→ WHAT YOU SHOULD DO: This task requires every entry to be set down again exactly.

→ RECORDED DATA:
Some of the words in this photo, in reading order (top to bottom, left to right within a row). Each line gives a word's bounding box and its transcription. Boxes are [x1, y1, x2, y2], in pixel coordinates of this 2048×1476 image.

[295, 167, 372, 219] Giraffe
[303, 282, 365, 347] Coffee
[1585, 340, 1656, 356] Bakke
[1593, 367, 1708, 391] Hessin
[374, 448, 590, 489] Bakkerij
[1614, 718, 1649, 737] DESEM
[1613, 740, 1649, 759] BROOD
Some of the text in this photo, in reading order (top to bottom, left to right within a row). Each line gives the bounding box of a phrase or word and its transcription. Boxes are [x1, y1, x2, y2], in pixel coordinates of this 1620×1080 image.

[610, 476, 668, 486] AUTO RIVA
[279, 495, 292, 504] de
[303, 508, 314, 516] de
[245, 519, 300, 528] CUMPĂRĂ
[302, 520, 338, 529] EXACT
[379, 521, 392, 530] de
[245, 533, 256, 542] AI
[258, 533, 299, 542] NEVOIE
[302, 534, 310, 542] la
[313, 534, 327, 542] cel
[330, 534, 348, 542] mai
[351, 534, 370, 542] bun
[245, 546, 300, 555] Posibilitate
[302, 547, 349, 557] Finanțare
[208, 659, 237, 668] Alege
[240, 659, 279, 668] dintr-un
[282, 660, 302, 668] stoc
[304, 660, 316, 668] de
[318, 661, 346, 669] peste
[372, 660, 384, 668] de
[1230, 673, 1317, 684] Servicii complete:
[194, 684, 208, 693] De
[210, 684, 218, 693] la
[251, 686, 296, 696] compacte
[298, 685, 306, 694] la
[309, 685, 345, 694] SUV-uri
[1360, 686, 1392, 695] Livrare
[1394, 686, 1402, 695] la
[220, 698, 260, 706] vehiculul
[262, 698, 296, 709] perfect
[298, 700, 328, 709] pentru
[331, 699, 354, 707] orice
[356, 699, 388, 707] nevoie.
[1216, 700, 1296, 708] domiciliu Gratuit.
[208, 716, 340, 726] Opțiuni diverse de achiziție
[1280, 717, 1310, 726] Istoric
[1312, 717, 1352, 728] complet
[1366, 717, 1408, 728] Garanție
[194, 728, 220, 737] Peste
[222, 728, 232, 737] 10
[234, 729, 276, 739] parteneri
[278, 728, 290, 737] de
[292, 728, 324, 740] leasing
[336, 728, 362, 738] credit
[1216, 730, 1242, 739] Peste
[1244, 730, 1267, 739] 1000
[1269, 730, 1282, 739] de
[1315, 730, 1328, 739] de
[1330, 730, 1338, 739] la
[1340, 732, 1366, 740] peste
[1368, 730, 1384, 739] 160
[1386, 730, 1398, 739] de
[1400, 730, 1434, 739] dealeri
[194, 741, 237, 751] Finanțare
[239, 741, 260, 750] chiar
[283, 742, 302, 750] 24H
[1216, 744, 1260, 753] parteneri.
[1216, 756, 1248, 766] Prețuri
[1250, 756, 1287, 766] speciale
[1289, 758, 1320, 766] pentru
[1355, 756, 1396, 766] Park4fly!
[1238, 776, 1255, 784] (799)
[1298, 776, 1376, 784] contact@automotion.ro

→ ANSWER SPACE:
Some of the words in this photo, in reading order (top to bottom, left to right within a row). Each line gives a word's bounding box and its transcription. Boxes are [x1, y1, x2, y2], in pixel coordinates of this 2048×1476 image.

[295, 167, 372, 219] Giraffe
[303, 282, 365, 347] Coffee
[1585, 340, 1656, 356] Bakke
[1593, 367, 1708, 391] Hessin
[374, 448, 590, 489] Bakkerij
[1614, 718, 1649, 737] DESEM
[1613, 740, 1649, 759] BROOD
Some of the text in this photo, in reading order (top to bottom, left to right within a row). Each line gives the bounding box of a phrase or word and its transcription. Boxes are [x1, y1, x2, y2], in pixel coordinates of this 1620×1080 image.

[610, 476, 668, 486] AUTO RIVA
[279, 495, 292, 504] de
[303, 508, 314, 516] de
[245, 519, 300, 528] CUMPĂRĂ
[302, 520, 338, 529] EXACT
[379, 521, 392, 530] de
[245, 533, 256, 542] AI
[258, 533, 299, 542] NEVOIE
[302, 534, 310, 542] la
[313, 534, 327, 542] cel
[330, 534, 348, 542] mai
[351, 534, 370, 542] bun
[245, 546, 300, 555] Posibilitate
[302, 547, 349, 557] Finanțare
[208, 659, 237, 668] Alege
[240, 659, 279, 668] dintr-un
[282, 660, 302, 668] stoc
[304, 660, 316, 668] de
[318, 661, 346, 669] peste
[372, 660, 384, 668] de
[1230, 673, 1317, 684] Servicii complete:
[194, 684, 208, 693] De
[210, 684, 218, 693] la
[251, 686, 296, 696] compacte
[298, 685, 306, 694] la
[309, 685, 345, 694] SUV-uri
[1360, 686, 1392, 695] Livrare
[1394, 686, 1402, 695] la
[220, 698, 260, 706] vehiculul
[262, 698, 296, 709] perfect
[298, 700, 328, 709] pentru
[331, 699, 354, 707] orice
[356, 699, 388, 707] nevoie.
[1216, 700, 1296, 708] domiciliu Gratuit.
[208, 716, 340, 726] Opțiuni diverse de achiziție
[1280, 717, 1310, 726] Istoric
[1312, 717, 1352, 728] complet
[1366, 717, 1408, 728] Garanție
[194, 728, 220, 737] Peste
[222, 728, 232, 737] 10
[234, 729, 276, 739] parteneri
[278, 728, 290, 737] de
[292, 728, 324, 740] leasing
[336, 728, 362, 738] credit
[1216, 730, 1242, 739] Peste
[1244, 730, 1267, 739] 1000
[1269, 730, 1282, 739] de
[1315, 730, 1328, 739] de
[1330, 730, 1338, 739] la
[1340, 732, 1366, 740] peste
[1368, 730, 1384, 739] 160
[1386, 730, 1398, 739] de
[1400, 730, 1434, 739] dealeri
[194, 741, 237, 751] Finanțare
[239, 741, 260, 750] chiar
[283, 742, 302, 750] 24H
[1216, 744, 1260, 753] parteneri.
[1216, 756, 1248, 766] Prețuri
[1250, 756, 1287, 766] speciale
[1289, 758, 1320, 766] pentru
[1355, 756, 1396, 766] Park4fly!
[1238, 776, 1255, 784] (799)
[1298, 776, 1376, 784] contact@automotion.ro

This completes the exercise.